The records
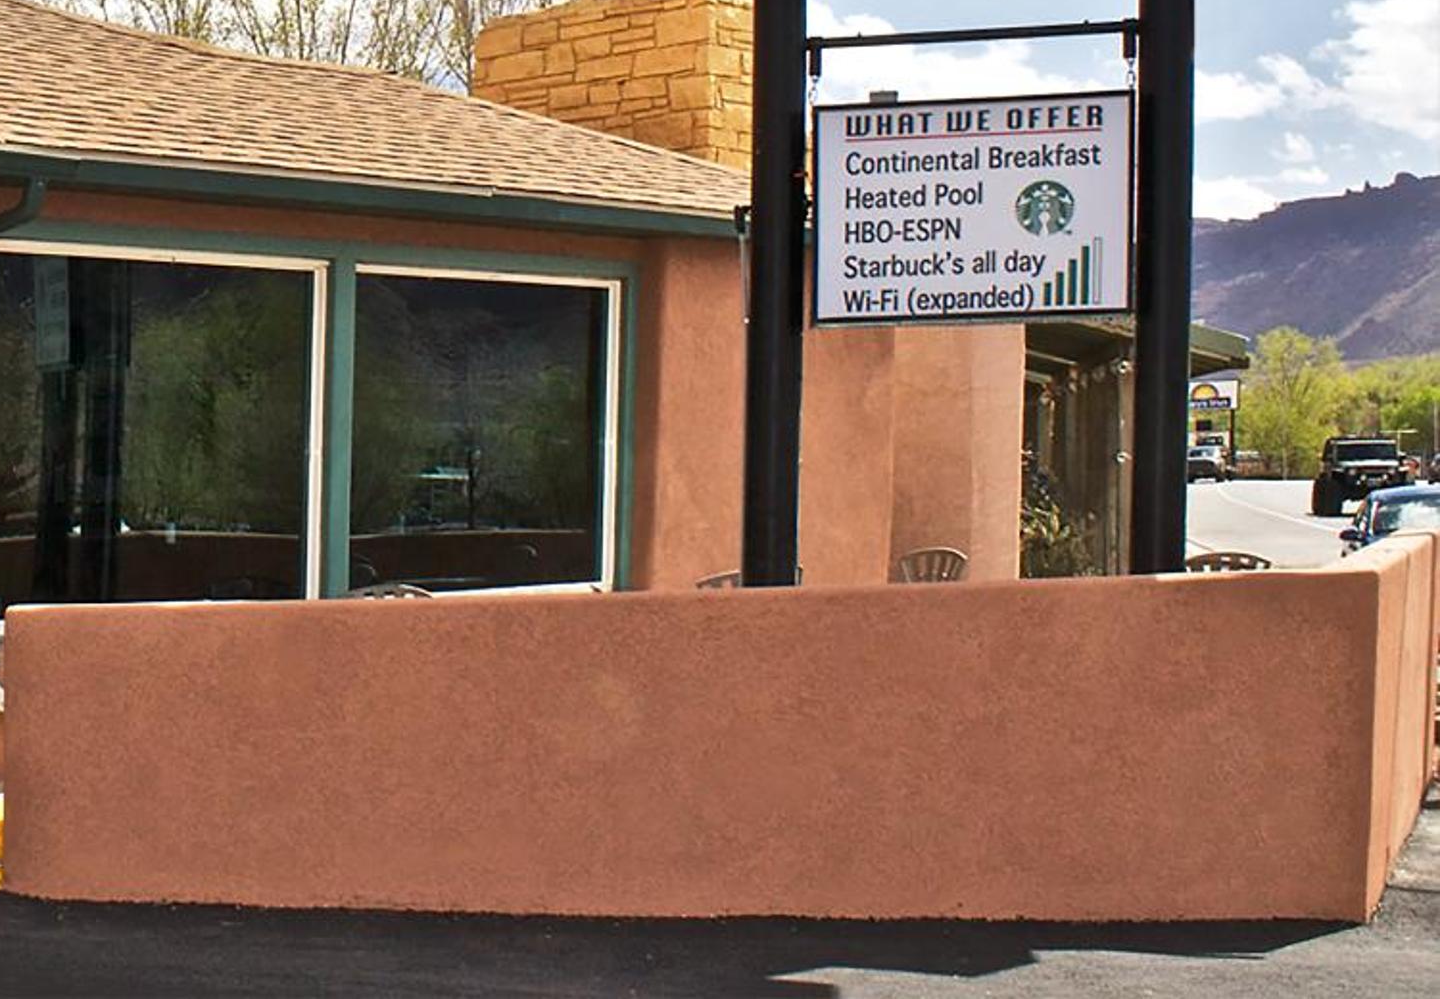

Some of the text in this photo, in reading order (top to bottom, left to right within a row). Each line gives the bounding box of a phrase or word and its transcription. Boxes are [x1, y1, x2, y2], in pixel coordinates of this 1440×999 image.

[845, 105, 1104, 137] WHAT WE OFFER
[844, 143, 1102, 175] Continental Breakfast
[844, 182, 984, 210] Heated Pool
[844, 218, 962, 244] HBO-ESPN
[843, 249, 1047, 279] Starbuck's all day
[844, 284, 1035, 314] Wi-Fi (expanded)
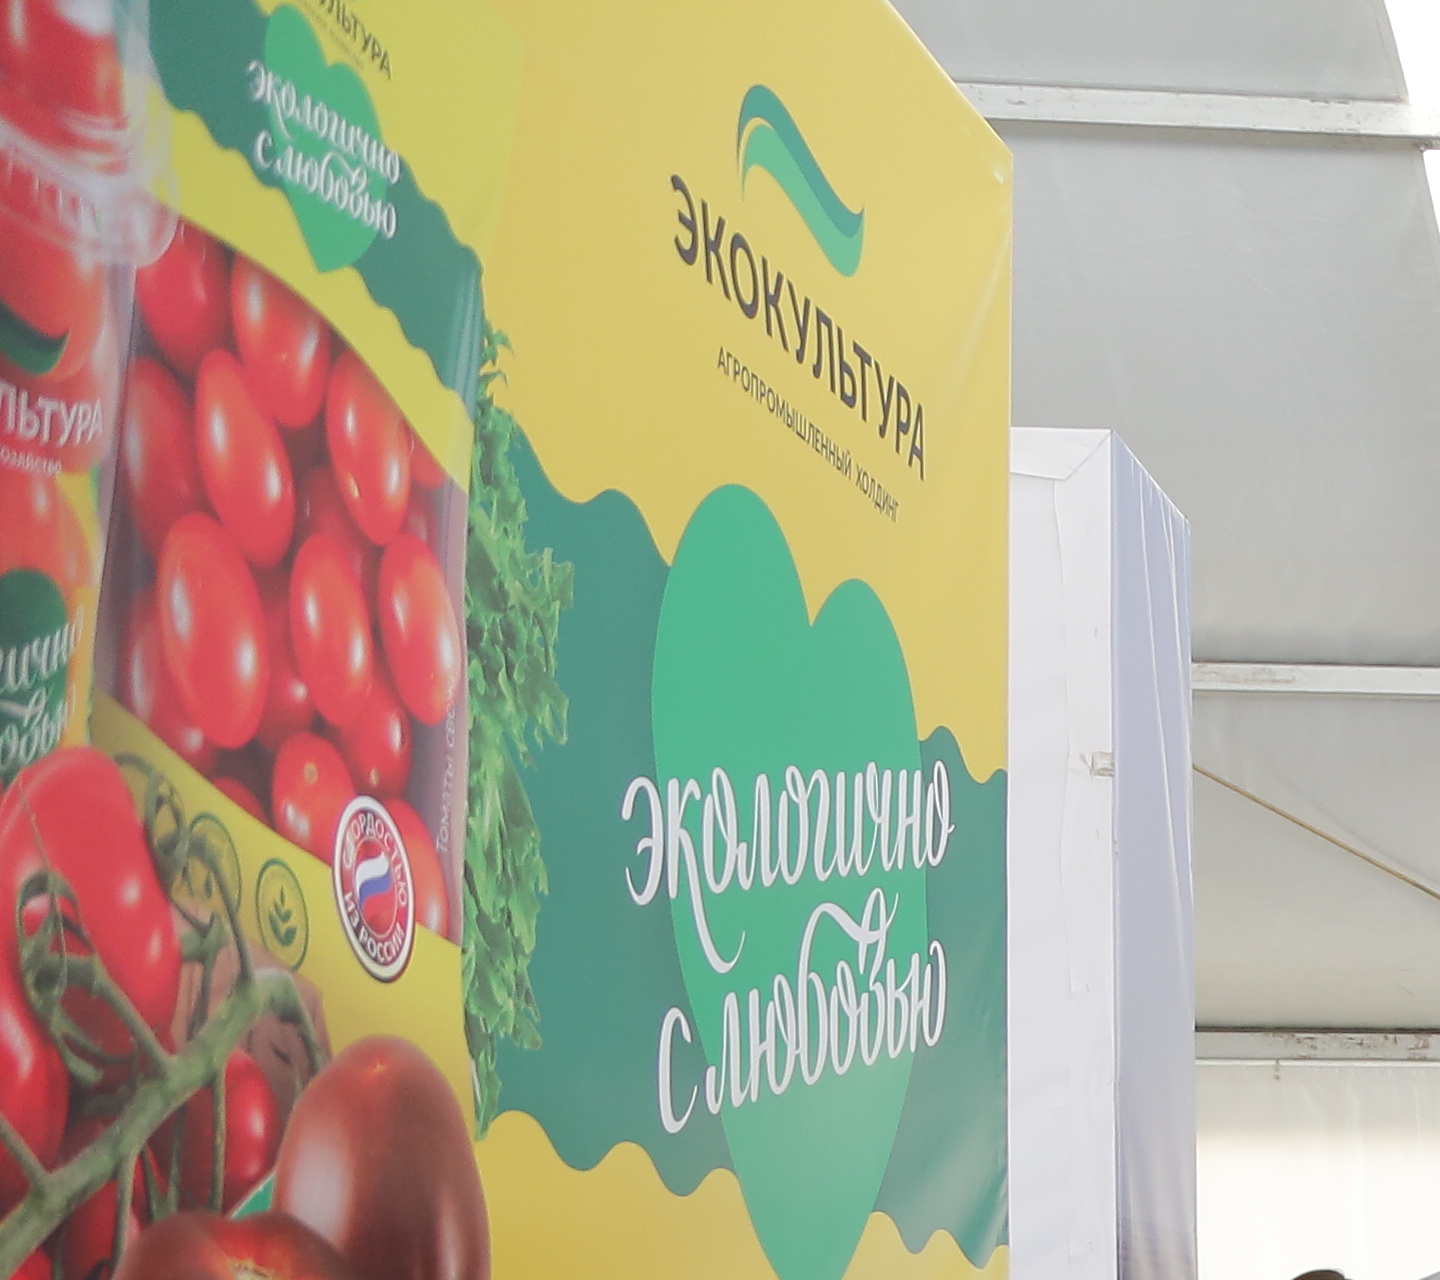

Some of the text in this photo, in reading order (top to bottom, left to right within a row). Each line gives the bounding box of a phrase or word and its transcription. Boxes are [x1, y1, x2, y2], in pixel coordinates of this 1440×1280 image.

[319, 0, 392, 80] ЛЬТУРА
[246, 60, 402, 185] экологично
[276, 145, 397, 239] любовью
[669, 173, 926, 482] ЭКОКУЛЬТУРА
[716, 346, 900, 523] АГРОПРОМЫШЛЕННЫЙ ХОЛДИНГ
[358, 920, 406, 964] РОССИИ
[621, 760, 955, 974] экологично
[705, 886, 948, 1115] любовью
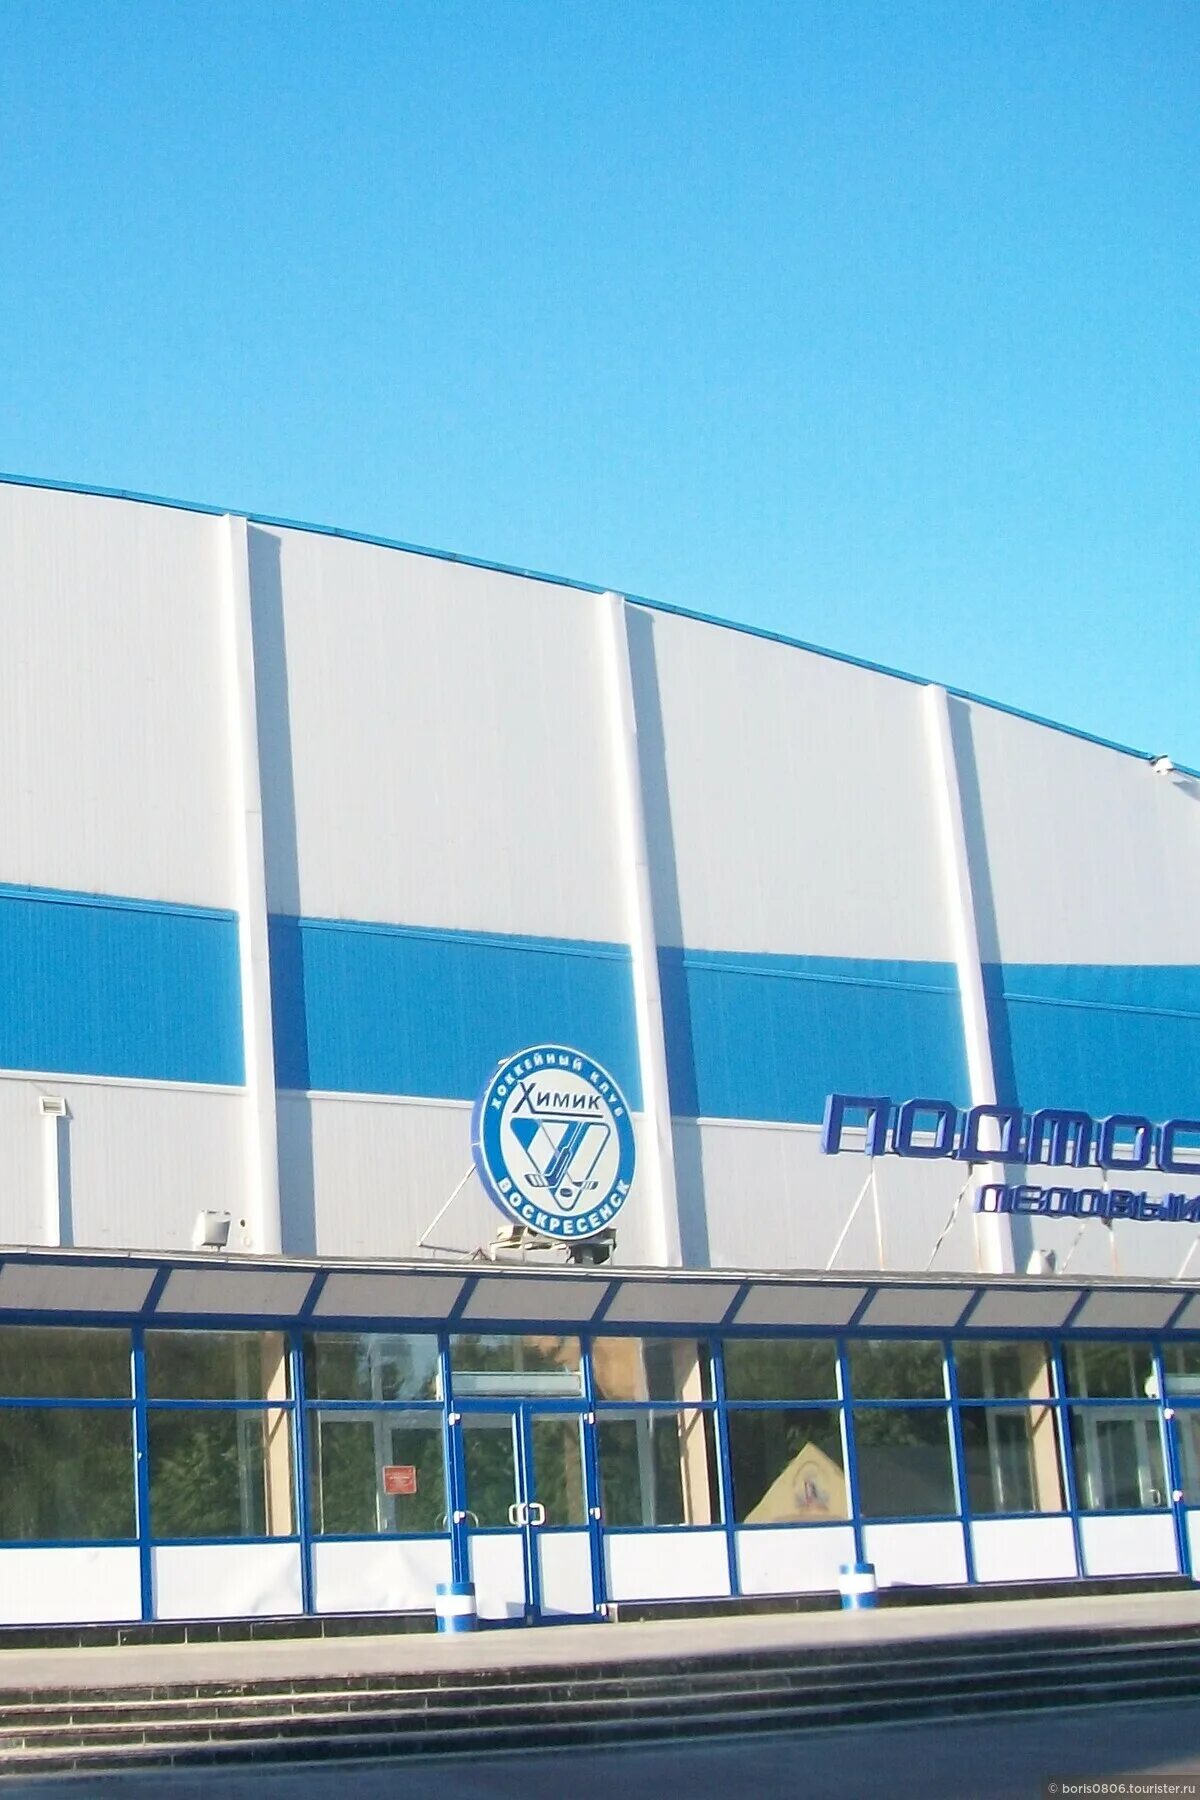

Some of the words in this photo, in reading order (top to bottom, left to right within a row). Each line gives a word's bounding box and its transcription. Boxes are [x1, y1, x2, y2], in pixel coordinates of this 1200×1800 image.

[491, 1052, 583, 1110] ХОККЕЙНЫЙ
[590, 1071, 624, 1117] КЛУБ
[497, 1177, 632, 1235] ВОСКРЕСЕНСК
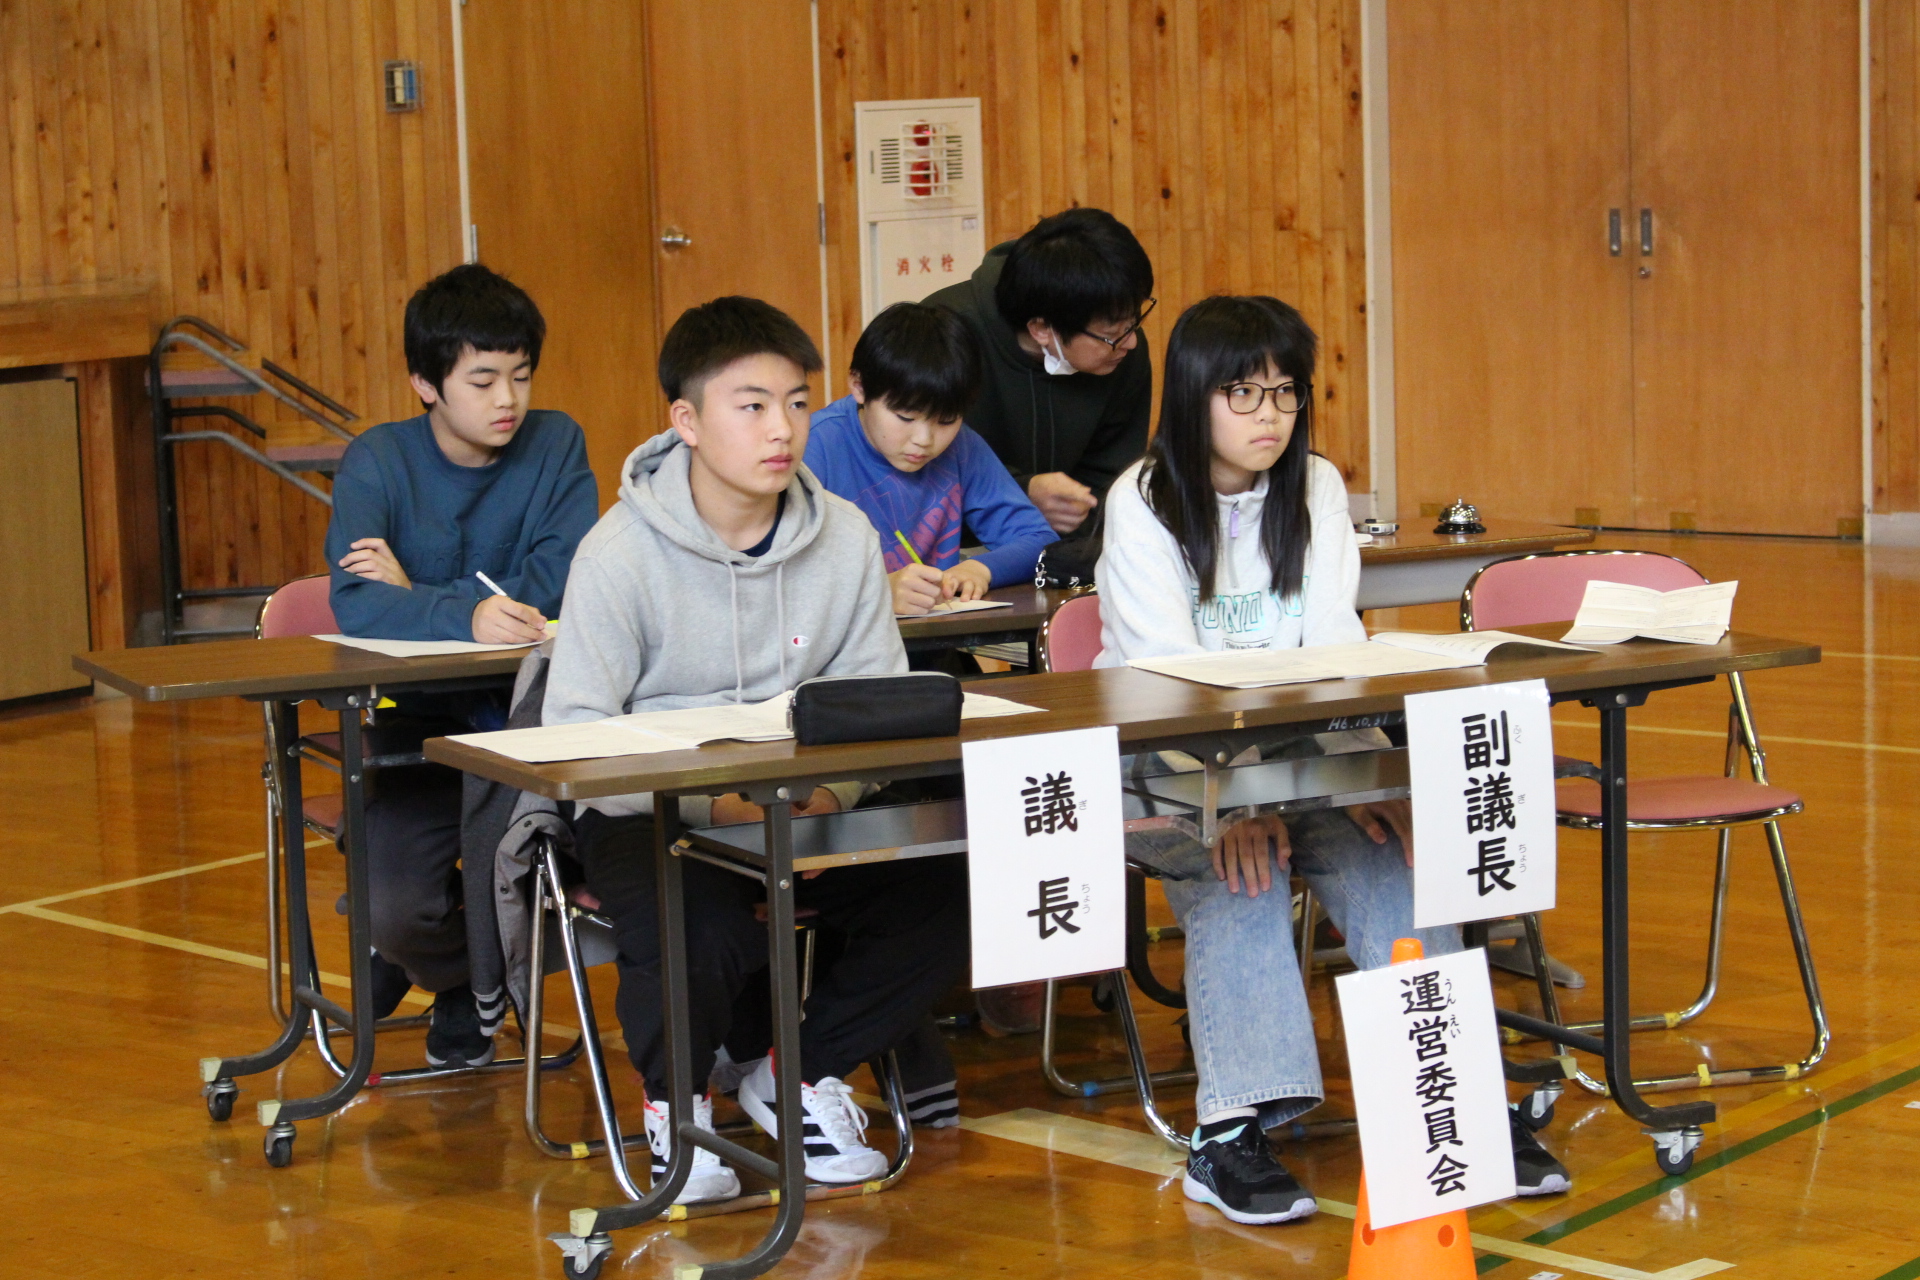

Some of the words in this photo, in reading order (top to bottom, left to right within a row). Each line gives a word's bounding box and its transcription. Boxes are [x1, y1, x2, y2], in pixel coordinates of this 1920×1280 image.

Work to be completed
Set the records down again exactly, with no pictures.

Response to this task
Some of the text in this photo, in reading order (top to bottom, left to right within a row). Each line gives the bounding box of a phrase or word and its transcription. Boxes are [x1, y1, x2, y2], in pixel coordinates of this 1440×999 image.

[845, 105, 1104, 137] WHAT WE OFFER
[844, 143, 1102, 175] Continental Breakfast
[844, 182, 984, 210] Heated Pool
[844, 218, 962, 244] HBO-ESPN
[843, 249, 1047, 279] Starbuck's all day
[844, 284, 1035, 314] Wi-Fi (expanded)

Some of the text in this photo, in reading order (top to bottom, left to right within a row). Each line gives the bounding box of a phrase or word and its transcription. Boxes are [x1, y1, x2, y2], in pixel coordinates of this 1440×1280 image.

[319, 0, 392, 80] ЛЬТУРА
[246, 60, 402, 185] экологично
[276, 145, 397, 239] любовью
[669, 173, 926, 482] ЭКОКУЛЬТУРА
[716, 346, 900, 523] АГРОПРОМЫШЛЕННЫЙ ХОЛДИНГ
[358, 920, 406, 964] РОССИИ
[621, 760, 955, 974] экологично
[705, 886, 948, 1115] любовью

Some of the words in this photo, in reading order (top to bottom, left to right within a row). Each line gives a word's bounding box and its transcription. Boxes are [x1, y1, x2, y2], in pixel coordinates of this 1200×1800 image.

[491, 1052, 583, 1110] ХОККЕЙНЫЙ
[590, 1071, 624, 1117] КЛУБ
[497, 1177, 632, 1235] ВОСКРЕСЕНСК

Some of the words in this photo, in reading order (top to bottom, left to right within a row). Each line gives a word's bounding box and its transcription. Boxes are [x1, y1, x2, y2], in pixel coordinates of this 1920×1280 image.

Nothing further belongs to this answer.